Things eventually reached a point where she convinced both Andersen and Dunn to trade numbers and kept the ruse up while texting each of them. In time, she was able to convince the two real, actual people they were actually texting each other with the help of the pictures and selfies she obtained from each of them to make the hoax fairly plausible.

As the fake relationship continued to blossom, Chartier added a fourth character into the mix: an entirely fictitious person named Tom Taylor, who was allegedly Birdman’s best friend. “Taylor” emerged as an intermediary between the real Dunn and the fake Andersen and he eventually suggested she visit him in Colorado and watch him play for the Nuggets.

Chartier was simultaneously using the fake version of Dunn to coordinate with Andersen, but there was one problem: Dunn was 17 at the time, which isn’t exactly a good look for a 34-year-old NBA player.

While it seemed like things should’ve fallen apart the moment the two of them met in person, that wasn’t the case.

Details of what actually transpired when they met up are somewhat unclear, but Birdman apparently brushed aside mentions of Taylor (who, again, he didn’t know because he didn’t exist) after meeting her at the airport and spent a few days with Dunn before they went their separate ways but continued to remain in contact.

From that point, “Taylor” continued to blow up Dunn’s phone with texts, but things went south when she revealed she was planning to link up with Clippers star Blake Griffin. Chartier threatened to leak some of the photos Dunn had sent her, and the teenager got scared and told her mother about the situation, which led to the latter contacting the police.

Then, in February 2012, Birdman got a mysterious email Chartier sent while masquerading as Dunn’s mom threatening to extort Andersen for spending the weekend with her. He reached out to his lawyer along with evidence that showed the real Dunn had said she was actually 21, and it was only a matter of time until the house of cards Chartier constructed fell apart.

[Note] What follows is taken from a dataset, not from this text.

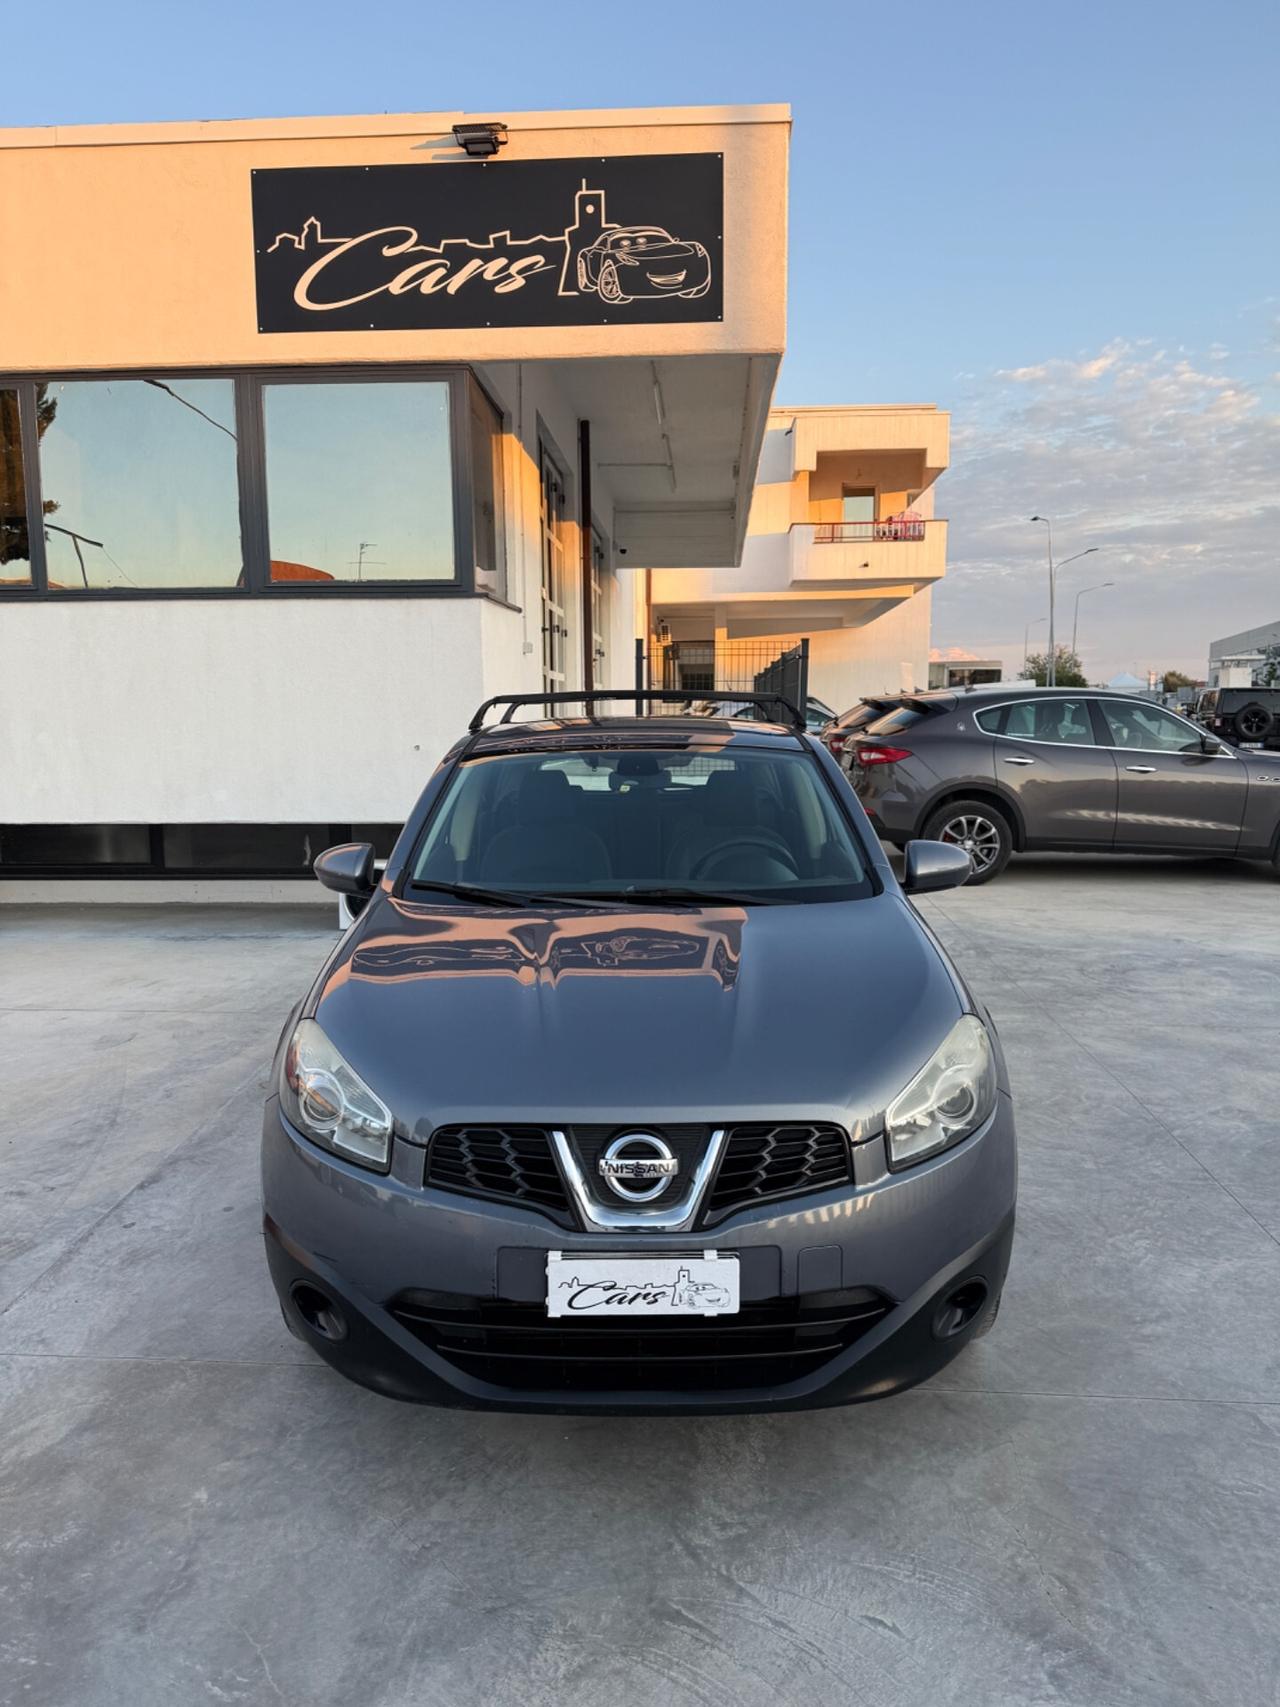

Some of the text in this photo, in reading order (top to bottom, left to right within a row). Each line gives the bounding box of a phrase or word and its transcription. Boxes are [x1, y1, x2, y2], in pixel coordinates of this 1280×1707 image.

Hush money, a police raid, and a court case

Birdman’s lawyer decided it would be best to send Dunn’s fake mom $3,000 to settle the matter, but at that point, it was too late.

Law enforcement officials who were made aware of the situation ended up raiding Andersen’s home and members of the Douglas County “Internet Crimes Against Children Unit” seized his computers in search of the photos Dunn had sent to Chartier (who, in turn, had sent them to Birdman).

The Nuggets wasted no time waiving Andersen after the allegations came to light, and it seemed like his reputation was irreparably tarnished.

However, the investigators tasked with the case eventually realized all of the communications were fake and Andersen was cleared of any wrongdoing after tracing them back to Chartier. She was eventually arrested by the Royal Canadian Mounted Police (who discovered she’d been catfishing 11 other people at the time) and was sentenced to 18 months in prison after being found guilty of impersonation, issuing threats, and extortion.

Wow. I mean, that’s just a whirlwind of a story. I know it’s a bit hard to follow, but the fact that it got as far as it did is truly wild.

Andersen signed with the Heat the following season and spent five more years in the NBA until hanging up his sneakers in 2017, while it appears Chartier has resisted the urge to keep catfishing after serving her sentence.

Be careful who you talk with on the internet, folks!